→ **Prompt**
Repeat the records in full. No pictures belong in the copy.

→ **Listed records**

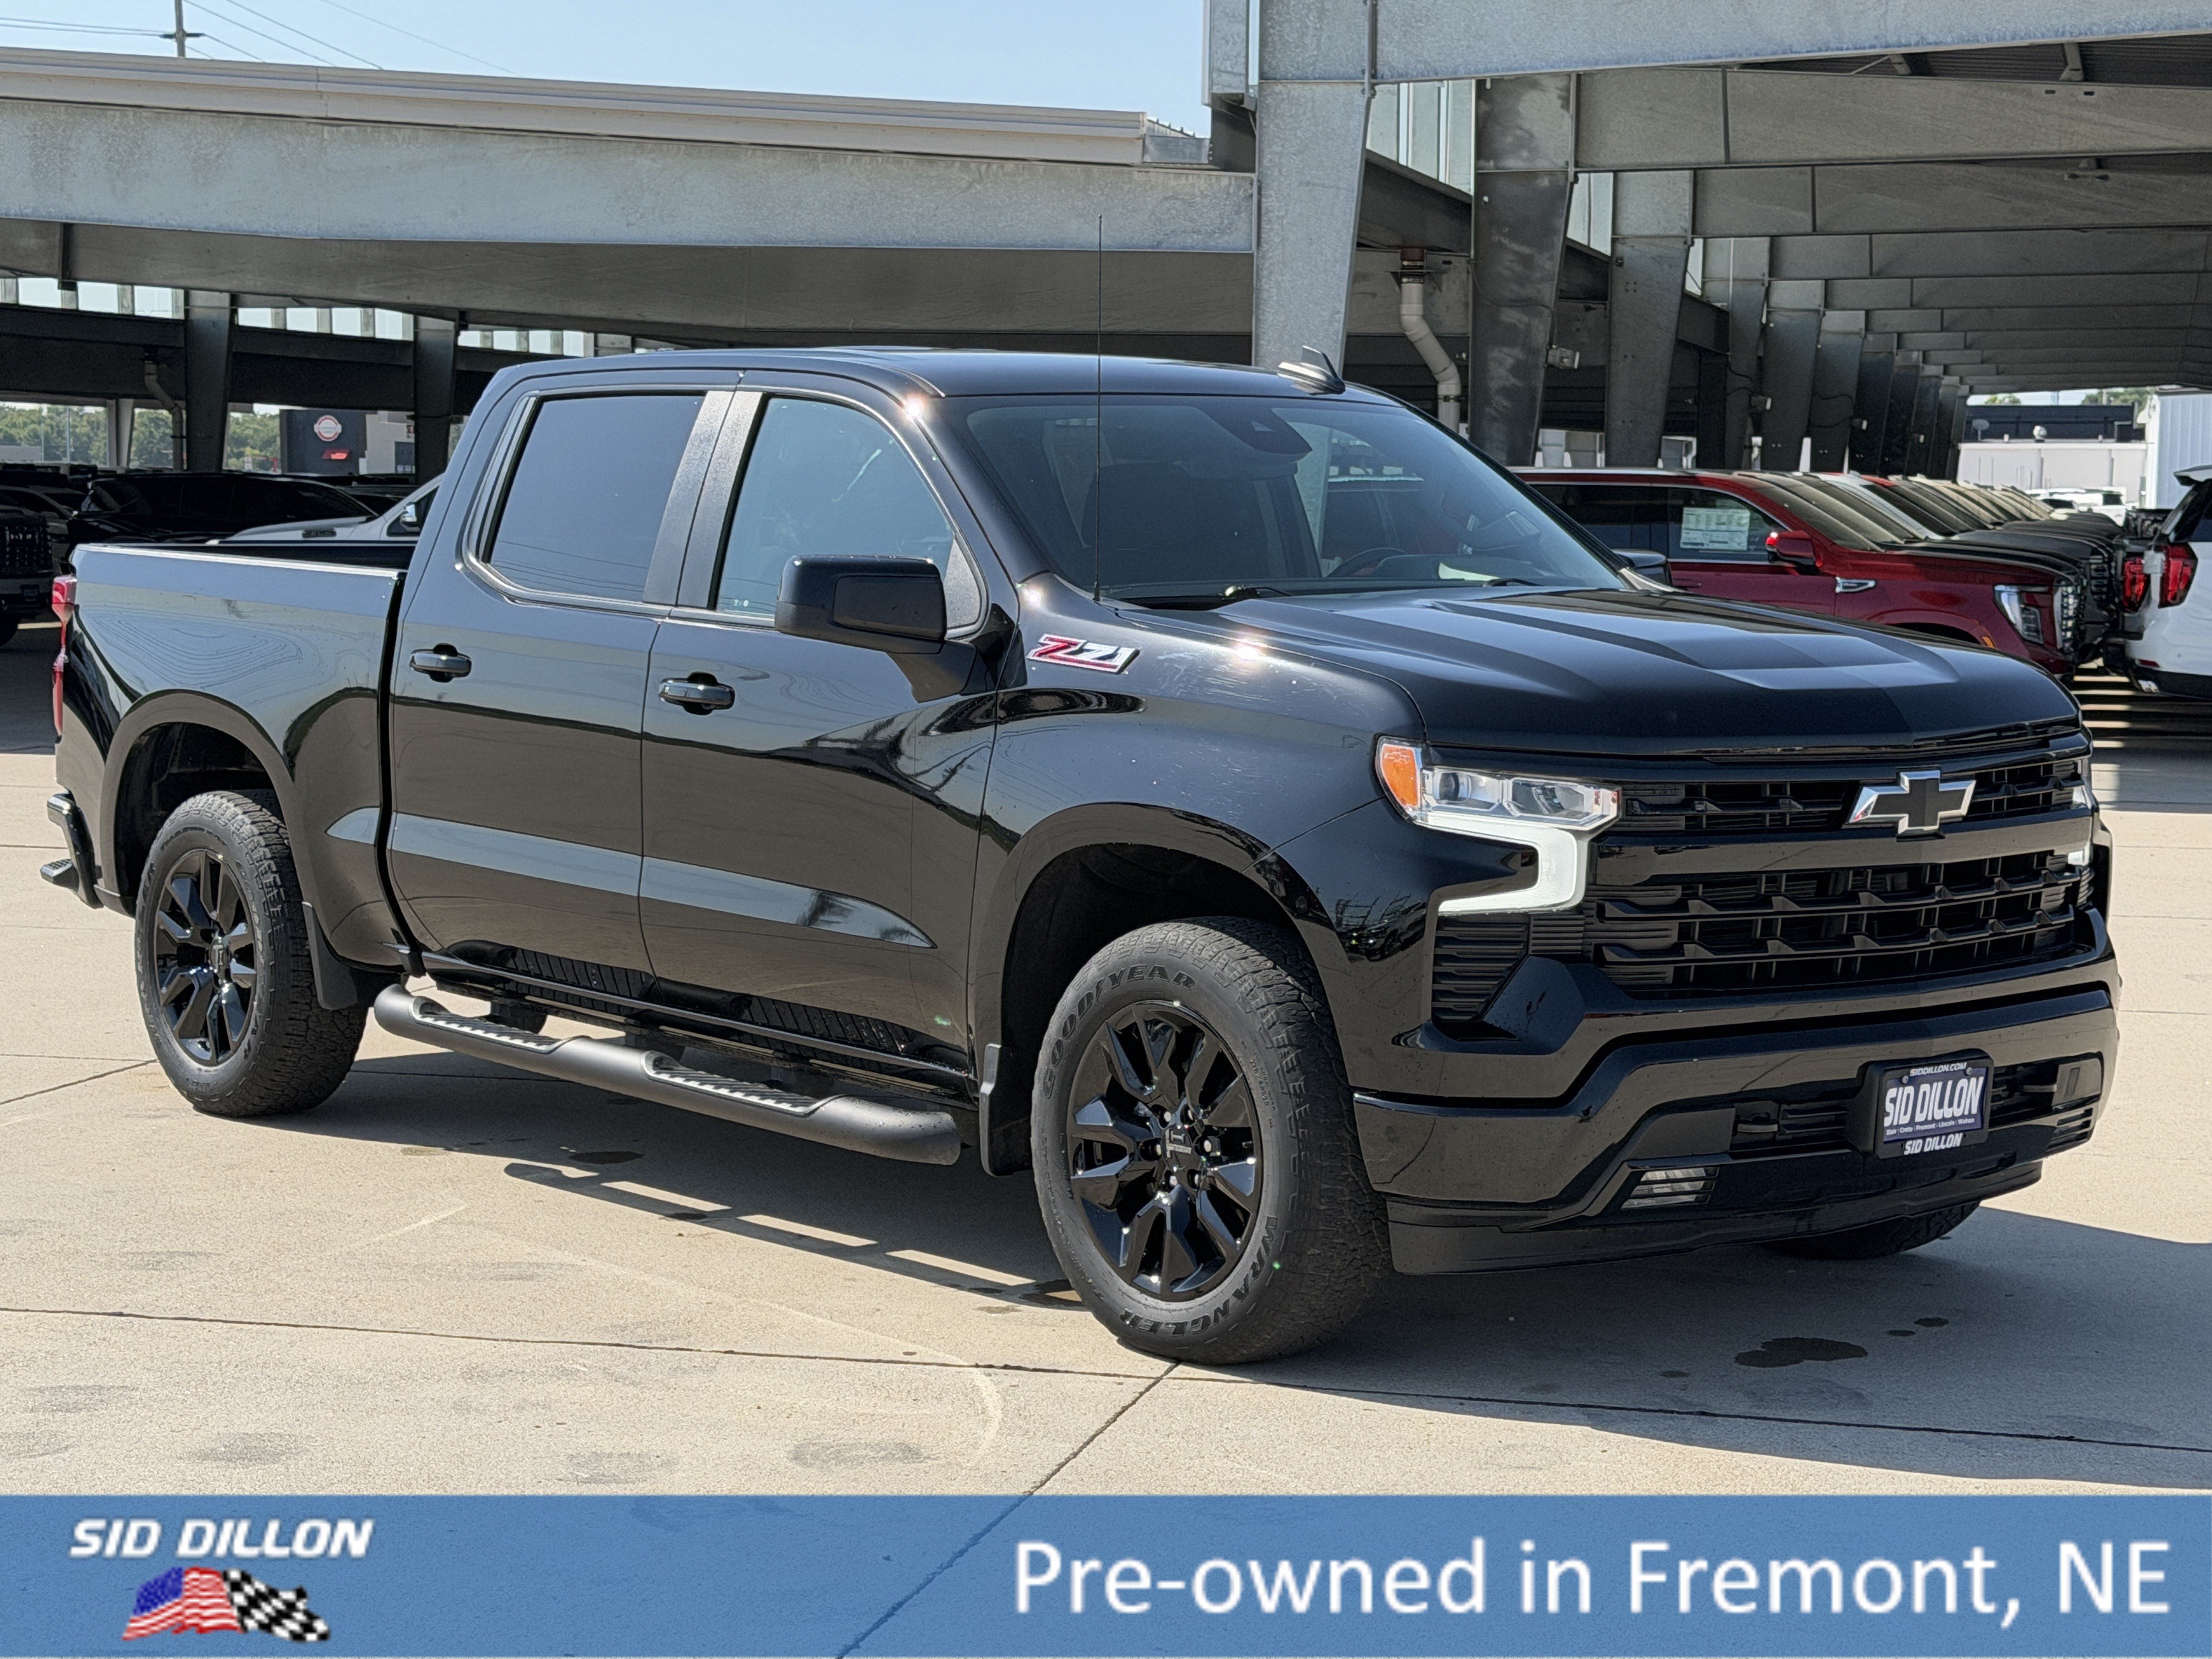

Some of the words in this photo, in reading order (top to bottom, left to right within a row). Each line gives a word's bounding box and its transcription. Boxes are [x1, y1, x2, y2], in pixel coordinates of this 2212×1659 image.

[1026, 633, 1138, 673] Z71
[1043, 964, 1194, 1099] GOODYEAR
[1910, 1062, 1967, 1076] SIDDILLON.COM
[1883, 1086, 1915, 1127] SID
[1915, 1076, 1984, 1122] DILLON
[1904, 1139, 1922, 1155] SID
[1923, 1132, 1963, 1152] DILLON
[1120, 1216, 1279, 1336] WRANGLER

→ **Exercise output**
Some of the words in this photo, in reading order (top to bottom, left to right within a row). Each line gives a word's bounding box and its transcription. Boxes are [x1, y1, x2, y2], in pixel coordinates of this 2212×1659 image.

[1026, 633, 1138, 673] Z71
[1043, 964, 1194, 1099] GOODYEAR
[1910, 1062, 1967, 1076] SIDDILLON.COM
[1883, 1086, 1915, 1127] SID
[1915, 1076, 1984, 1122] DILLON
[1904, 1139, 1922, 1155] SID
[1923, 1132, 1963, 1152] DILLON
[1120, 1216, 1279, 1336] WRANGLER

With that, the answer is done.